5.3 Configuration — `config.py`

MaldiConfig is a frozen dataclass that stores all experiment parameters. It is created from CLI arguments via MaldiConfig.from_args(args) which also:

creates the output directory tree (exp_path/checkpoints/, exp_path/train/, exp_path/test/, exp_path/volume/, optionally exp_path/diffusion_checkpoints/, exp_path/volume_diffusion/)
saves args.npy to the experiment folder for reproducibility
appends {n_pixels} and optionally _log to the experiment name

Key fields:

Field	Type	Description
`mode`	`str`	`"lgp"`, `"lgpmoe"`, `"test"`, etc.
`kernel`	`str`	`"rbf"`, `"matern"`, `"symmetric"`
`latent_dim`	`int`	Dimensionality of the GP latent space
`num_inducing`	`int`	Number of sparse GP inducing points
`epochs`	`int`	Training epochs
`batch_size`	`int`	Mini-batch size
`learning_rate`	`float`	AdamW learning rate
`log_transform`	`bool`	Apply `log(x + 1e-10)` before training
`nu`	`float`	Matern smoothness parameter
`n_pixels`	`int`	Minimum resolution in voxels (used to compute `minimal_length_scale`)
`use_diffusion`	`bool`	Enable diffusion pipeline
`section_filter`	`list`	PyArrow-style filter for training rows
`test_filter`	`list`	PyArrow-style filter for test rows
`selected_lipids_names`	`list[str]`	Names of selected lipid channels
`device`	`str`	`"cuda"` if available, else `"cpu"`

5.4 Experiment Orchestrator — `experiment.py`

MaldiExperiment is the central class that manages data loading, training, prediction, and evaluation. Its run() method implements the full pipeline:

run()
 ├── If model.pth exists: load weights (skip training)
 ├── Else:
 │    ├── load_train_sections()      # load section IDs
 │    ├── load_train_coordinates()   # load 3-D CCF coords, normalise
 │    ├── load_train_samples()       # load sample IDs
 │    ├── load_train_data()          # load lipid intensities, log-transform, z-score
 │    ├── load_checkpoint()          # resume from latest checkpoint if present
 │    ├── wandb.init(...)
 │    └── train_fit()                # call model.train_model(...)
 ├── predict training set → train/predictions.npy, train/true_values.npy
 ├── predict test set     → test/predictions.npy,  test/true_values.npy
 ├── scatter_comparison() → per-lipid scatter plots (train and test)
 └── whole_brain_reconstruction() [if model.pth present]
      ├── load Allen CCF template volume
      ├── iterate all non-zero CCF voxels in batches
      └── save per-batch lipid predictions → volume/batch_{i}.pth

Data preprocessing pipeline (inside load_train_data):

Load lipid intensities from Parquet for the training filter
Replace negative values with 0 (MALDI artefact correction)
Optional log transform: log(x + 1e-10)
Z-score normalise per lipid: (x - μ) / σ where statistics are computed once and cached to disk
Load CCF coordinates and normalise by coordinate mean/std (cached)
Build TensorDataset(lipids_normalised, coordinates_normalised)

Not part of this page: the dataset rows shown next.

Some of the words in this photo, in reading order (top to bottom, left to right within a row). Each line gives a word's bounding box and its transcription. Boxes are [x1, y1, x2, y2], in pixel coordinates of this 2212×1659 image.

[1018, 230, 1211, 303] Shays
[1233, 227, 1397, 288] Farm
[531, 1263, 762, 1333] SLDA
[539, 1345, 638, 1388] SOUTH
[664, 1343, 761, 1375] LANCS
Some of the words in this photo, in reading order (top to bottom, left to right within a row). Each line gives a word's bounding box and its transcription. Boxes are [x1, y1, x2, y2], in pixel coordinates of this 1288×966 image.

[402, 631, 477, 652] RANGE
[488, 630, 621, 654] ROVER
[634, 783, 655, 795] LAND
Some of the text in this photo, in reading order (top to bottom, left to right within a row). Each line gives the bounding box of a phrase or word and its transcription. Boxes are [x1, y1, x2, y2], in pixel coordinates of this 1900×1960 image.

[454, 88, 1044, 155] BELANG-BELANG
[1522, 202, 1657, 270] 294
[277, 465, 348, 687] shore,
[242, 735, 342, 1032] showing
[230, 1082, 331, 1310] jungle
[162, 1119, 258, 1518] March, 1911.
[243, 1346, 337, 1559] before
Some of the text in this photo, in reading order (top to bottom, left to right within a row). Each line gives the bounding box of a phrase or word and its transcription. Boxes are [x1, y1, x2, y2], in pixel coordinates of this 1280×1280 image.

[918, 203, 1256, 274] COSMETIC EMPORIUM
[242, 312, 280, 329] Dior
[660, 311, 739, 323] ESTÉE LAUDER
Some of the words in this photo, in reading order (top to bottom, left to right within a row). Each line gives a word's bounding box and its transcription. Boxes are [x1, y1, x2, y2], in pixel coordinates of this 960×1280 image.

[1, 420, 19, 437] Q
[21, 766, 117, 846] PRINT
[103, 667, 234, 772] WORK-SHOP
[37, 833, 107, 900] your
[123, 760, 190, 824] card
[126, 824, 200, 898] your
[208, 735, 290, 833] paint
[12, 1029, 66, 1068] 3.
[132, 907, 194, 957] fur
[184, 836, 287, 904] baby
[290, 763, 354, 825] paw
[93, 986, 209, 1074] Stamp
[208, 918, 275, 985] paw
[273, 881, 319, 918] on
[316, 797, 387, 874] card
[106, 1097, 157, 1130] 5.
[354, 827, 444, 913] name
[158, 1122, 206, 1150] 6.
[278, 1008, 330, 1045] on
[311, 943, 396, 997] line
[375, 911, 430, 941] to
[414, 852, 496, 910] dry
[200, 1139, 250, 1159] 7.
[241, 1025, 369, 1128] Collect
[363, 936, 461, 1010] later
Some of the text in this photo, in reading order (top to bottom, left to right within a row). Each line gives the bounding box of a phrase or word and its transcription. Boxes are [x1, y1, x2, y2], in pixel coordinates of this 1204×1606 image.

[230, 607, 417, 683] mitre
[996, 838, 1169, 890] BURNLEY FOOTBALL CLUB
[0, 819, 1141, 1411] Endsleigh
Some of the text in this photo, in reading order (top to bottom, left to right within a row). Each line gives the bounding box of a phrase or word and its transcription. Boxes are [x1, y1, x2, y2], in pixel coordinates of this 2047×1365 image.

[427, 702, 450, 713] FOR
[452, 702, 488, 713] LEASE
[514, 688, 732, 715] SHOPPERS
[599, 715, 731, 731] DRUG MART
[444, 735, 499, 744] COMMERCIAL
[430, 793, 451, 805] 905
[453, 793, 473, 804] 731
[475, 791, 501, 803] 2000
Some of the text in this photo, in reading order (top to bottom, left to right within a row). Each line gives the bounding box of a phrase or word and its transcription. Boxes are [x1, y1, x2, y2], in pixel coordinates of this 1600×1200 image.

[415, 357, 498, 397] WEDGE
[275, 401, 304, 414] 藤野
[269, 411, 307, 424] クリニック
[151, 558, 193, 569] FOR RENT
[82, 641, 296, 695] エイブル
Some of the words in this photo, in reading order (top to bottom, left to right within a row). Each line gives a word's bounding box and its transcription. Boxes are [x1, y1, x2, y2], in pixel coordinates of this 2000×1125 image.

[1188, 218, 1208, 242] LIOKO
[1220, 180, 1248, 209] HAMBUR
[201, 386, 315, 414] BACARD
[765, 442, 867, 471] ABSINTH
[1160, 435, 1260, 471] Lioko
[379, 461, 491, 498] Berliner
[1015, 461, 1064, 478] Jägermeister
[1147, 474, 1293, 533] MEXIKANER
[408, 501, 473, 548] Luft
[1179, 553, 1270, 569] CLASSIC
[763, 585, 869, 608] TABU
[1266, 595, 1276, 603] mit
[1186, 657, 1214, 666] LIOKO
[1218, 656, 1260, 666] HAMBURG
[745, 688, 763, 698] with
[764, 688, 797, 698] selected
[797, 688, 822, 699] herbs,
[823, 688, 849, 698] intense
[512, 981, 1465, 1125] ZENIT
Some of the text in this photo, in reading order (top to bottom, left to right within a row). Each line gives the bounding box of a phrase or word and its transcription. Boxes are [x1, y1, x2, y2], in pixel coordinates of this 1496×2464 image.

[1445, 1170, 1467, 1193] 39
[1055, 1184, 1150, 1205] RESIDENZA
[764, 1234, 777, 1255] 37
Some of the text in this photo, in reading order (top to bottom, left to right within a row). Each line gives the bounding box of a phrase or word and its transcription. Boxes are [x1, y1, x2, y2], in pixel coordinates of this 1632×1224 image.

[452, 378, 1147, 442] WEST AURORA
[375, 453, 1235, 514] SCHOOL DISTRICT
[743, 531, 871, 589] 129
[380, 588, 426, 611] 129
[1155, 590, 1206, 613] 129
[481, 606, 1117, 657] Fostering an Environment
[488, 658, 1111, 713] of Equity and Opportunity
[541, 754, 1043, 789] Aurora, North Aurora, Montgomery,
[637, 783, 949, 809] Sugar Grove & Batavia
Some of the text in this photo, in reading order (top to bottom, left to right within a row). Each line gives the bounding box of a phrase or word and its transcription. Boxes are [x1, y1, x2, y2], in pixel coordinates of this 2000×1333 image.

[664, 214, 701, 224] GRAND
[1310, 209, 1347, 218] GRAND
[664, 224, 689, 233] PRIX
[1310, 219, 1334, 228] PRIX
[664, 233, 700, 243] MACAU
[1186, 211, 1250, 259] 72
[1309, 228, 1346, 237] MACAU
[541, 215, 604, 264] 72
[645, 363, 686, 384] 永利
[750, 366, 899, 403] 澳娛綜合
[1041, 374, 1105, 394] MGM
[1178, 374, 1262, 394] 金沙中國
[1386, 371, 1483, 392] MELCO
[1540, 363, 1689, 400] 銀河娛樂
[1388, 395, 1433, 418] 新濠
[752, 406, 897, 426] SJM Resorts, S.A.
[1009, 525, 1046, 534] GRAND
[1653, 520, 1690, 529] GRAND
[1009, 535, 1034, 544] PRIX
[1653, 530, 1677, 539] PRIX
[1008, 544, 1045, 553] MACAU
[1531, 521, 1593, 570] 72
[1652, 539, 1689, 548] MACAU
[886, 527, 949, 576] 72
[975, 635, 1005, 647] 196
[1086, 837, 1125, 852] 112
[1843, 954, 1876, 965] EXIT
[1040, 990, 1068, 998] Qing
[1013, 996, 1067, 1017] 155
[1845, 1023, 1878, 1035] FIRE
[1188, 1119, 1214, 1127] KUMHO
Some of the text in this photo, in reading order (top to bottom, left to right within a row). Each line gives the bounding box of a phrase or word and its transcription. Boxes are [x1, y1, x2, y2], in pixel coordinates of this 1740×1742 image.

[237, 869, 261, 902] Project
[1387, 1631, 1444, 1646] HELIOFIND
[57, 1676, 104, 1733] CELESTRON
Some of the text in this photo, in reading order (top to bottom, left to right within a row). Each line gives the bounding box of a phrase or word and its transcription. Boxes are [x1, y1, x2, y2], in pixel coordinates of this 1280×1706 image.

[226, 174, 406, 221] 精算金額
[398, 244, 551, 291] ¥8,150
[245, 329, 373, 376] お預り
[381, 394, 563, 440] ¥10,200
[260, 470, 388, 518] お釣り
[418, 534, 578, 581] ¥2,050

Prediction post-processing:

Predictions are saved in normalised space and also converted back to original scale by reversing the z-score and (if applicable) the log transform: exp(x̂_norm · σ + μ) - 1e-10.

Scatter comparison (scatter_comparison):

Generates per-lipid scatter plots of true vs predicted intensities for both train and test sets. Pearson correlation is annotated on each plot and an overall {dataset}_correlations.npy is saved.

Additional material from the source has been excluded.